> **Your instructions**
From the first line to the last, write out the records exactly, leaving the pictures behind.

· · · · ·

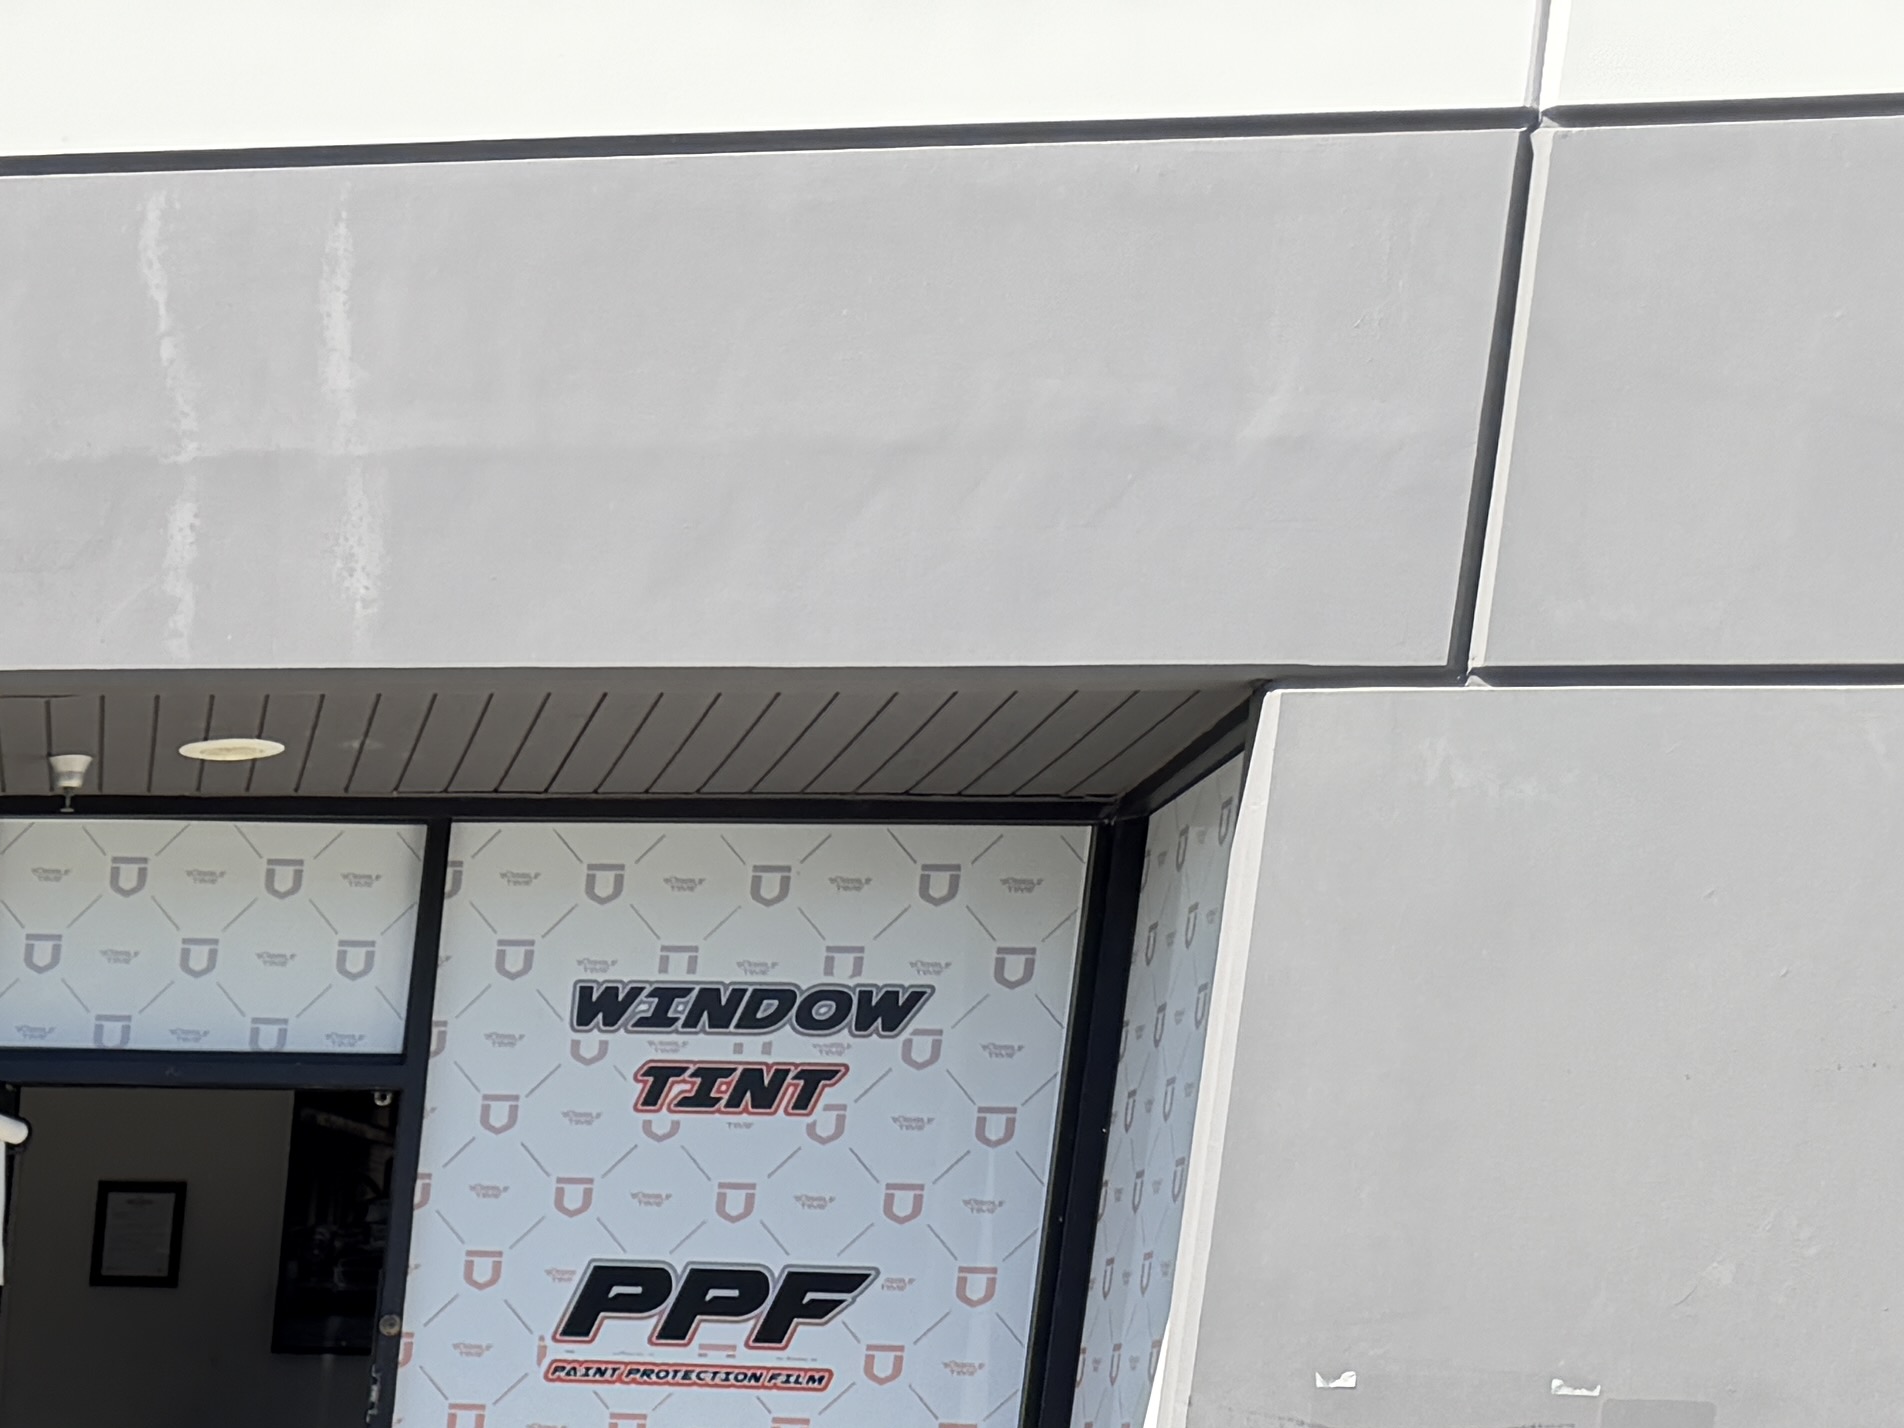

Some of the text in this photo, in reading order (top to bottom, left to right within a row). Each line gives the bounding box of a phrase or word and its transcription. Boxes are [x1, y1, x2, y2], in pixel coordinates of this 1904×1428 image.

[572, 981, 934, 1037] WINDOW
[633, 1059, 849, 1117] TINT
[551, 1258, 881, 1351] PPF
[549, 1363, 828, 1388] PAINT PROTECTION FILM

· · · · ·

> **Exercise result**
Some of the text in this photo, in reading order (top to bottom, left to right within a row). Each line gives the bounding box of a phrase or word and its transcription. Boxes are [x1, y1, x2, y2], in pixel coordinates of this 1904×1428 image.

[572, 981, 934, 1037] WINDOW
[633, 1059, 849, 1117] TINT
[551, 1258, 881, 1351] PPF
[549, 1363, 828, 1388] PAINT PROTECTION FILM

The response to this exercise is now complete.